This Uniquely Catalan Luxury Hotel Puts Priorat On The Wine Travel Map
Gran Hotel Mas d'en Bruno at dusk
Michellle Chaplow
Deep in Catalonia, in the wine-soaked heart of Priorat, there's an ambitious fine dining restaurant inside a luxury hotel that's cooking without tomatoes, without potatoes and without peppers or chilis of any kind. Obviously, this poses a challenge for any kitchen in Spain.
But it's a challenge that makes sense for Gran Hotel Mas d'en Bruno, which just celebrated its second birthday. Although the hotel does everything well enough to have landed in Relais & Châteaux from its very beginning, it's not doing anything the easy way. Rather, it's been doing things slowly, carefully, by hand and always with respect for tradition and history.
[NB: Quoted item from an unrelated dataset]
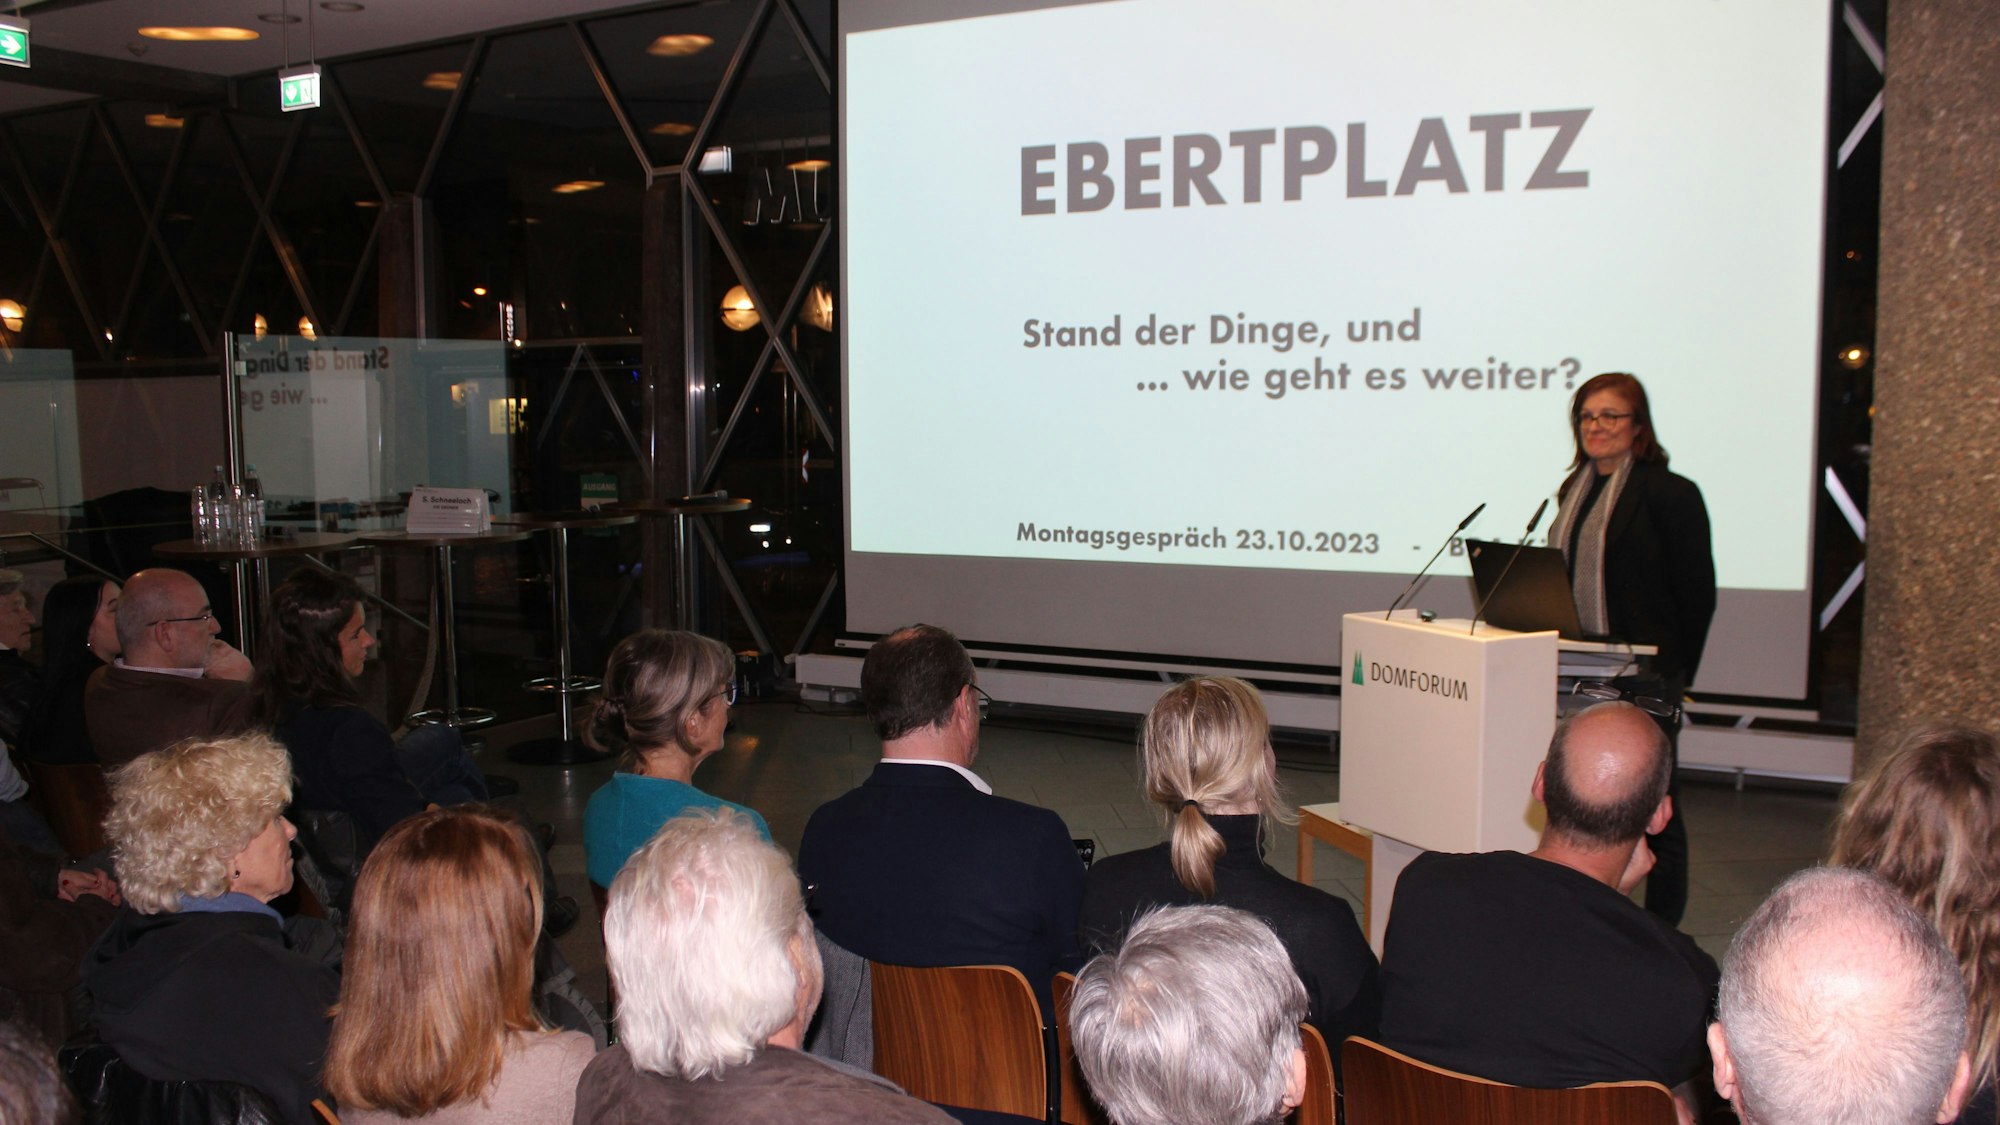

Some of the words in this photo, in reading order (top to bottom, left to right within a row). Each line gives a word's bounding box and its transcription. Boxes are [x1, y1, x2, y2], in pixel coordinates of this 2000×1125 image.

That strangely limited menu is a fully realized homage to the past. Chef Josep Queralt and his team at the hotel's Vinum restaurant took a deep dive into the medieval Llibre del Sent Sovi, which is the earliest surviving recipe book in Catalan, dating from 1324. That's about two centuries before explorers landed in the New World and brought back some of the crops that are now cornerstones of Spanish cuisine.
Bruno's Bar
Courtesy of the hotel
Queralt isn't the first Spanish chef to explore this idea—Paco Morales has been diving deep into Andalusian history in Córdoba, for instance—but his choice holds extra relevance now. In 2025, Catalonia has the distinction of being a World Region of Gastronomy, remarkably the first European area to hold the title. And while some of that honor reflects the modernist cuisine coming out of Barcelona and beyond, Queralt's backward-looking approach is worthwhile: Dishes like conger eel loin with a sauce of smoked fish bones and almond, or grilled stuff partridge in a sauce of fresh herbs and mustard seeds, offer delightful bites of gastronomic time travel.
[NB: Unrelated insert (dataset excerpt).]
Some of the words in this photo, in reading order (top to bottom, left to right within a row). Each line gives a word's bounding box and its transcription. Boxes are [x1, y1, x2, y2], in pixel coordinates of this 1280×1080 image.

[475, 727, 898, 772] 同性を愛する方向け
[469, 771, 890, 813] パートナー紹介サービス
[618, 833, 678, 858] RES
To be sure, Vinum is still serving its 21st-century menu, in omnivorous and vegetarian formats. There are also tapas-style plates at Bruno's Bar (hand-sliced Iberian ham, anchovies from the Cantabric Sea, toasted bread with tomato and D.O.P. Siurana extra virgin olive oil), and a separate lunchtime menu of local fare (sea bass tiradito with green olives, creamy ganxet bean hummus with savory candied pork belly) at the poolside Tarraco that caters to contemporary tastes.
Everywhere, the sommeliers pair dishes with wines from Priorat, an up-and-coming DOQ region known for its robust, powerful reds, and beyond. Rather than producing its own wines, the hotel works with many of the 106 wineries in the region, serving their vintages in the restaurants, selling a wide selection of their bottles (on commission) in the boutique and organizing tours to visit the nearby wine cooperative or small producers.
The Lobby
Michelle Chaplow
Other tours take guests to explore the area, including the beautifully decaying Carthusian monastery of Santa Maria d'Escaladei (which offers a seriously impressive VR tour) and to impossibly picturesque hilltop villages with views for miles and miles. Don't be surprised when someone calls Priorat the Tuscany of Catalonia.
One could be forgiven for imagining that that nickname came up in marketing meetings for the hotel. Mas d'en Bruno is part of the Stein Group, a privately owned firm that specializes in the development, restoration and management of a few dozen boutique hotels in (mostly southern) Europe. This helps explain the budget that went into renovating the hotel's historic buildings, which were once also a monastery and then later a private residence.
The renovation, which combines Catalan heritage with modern niceties, is the work of the Barcelona design firm Astet Studio, a group that's known for some of the sexiest dining rooms in Marbella. For their work on Mas d'en Bruno, they were recently honored with a Hospitality Design Award in the category of Restoration, Transformations + Conversions.
A suite
Courtesy of the hotel
The designers blended the historic essence of the original stone masonry with contemporary materials like natural stone and pale oak. A burgundy color palette reminds you that you're in wine country, and a recurring motif of arches is a nod to the original facade. The rooms in the original building have a good amount of variation—the best suites have grand arched windows, wooden-beamed patterned ceilings and double-sided fireplaces—while a new wing contains ten identical garden suites, which makes it a good choice for groups. (Well, almost identical: The one at the far end of the building has a private little pool.)
In both areas, the rooms' furnishings, from the coffee tables to cocoon-like headboards, are curved, a reference, general manager Jordi Compte Stevens surmises, to the sinuous geometry of Priorat's landscapes. It's another case where there might have been an easier way of doing the expected luxury hotel things, but the creative minds behind Mas d'en Bruno committed to going all-in on giving it a sense of place.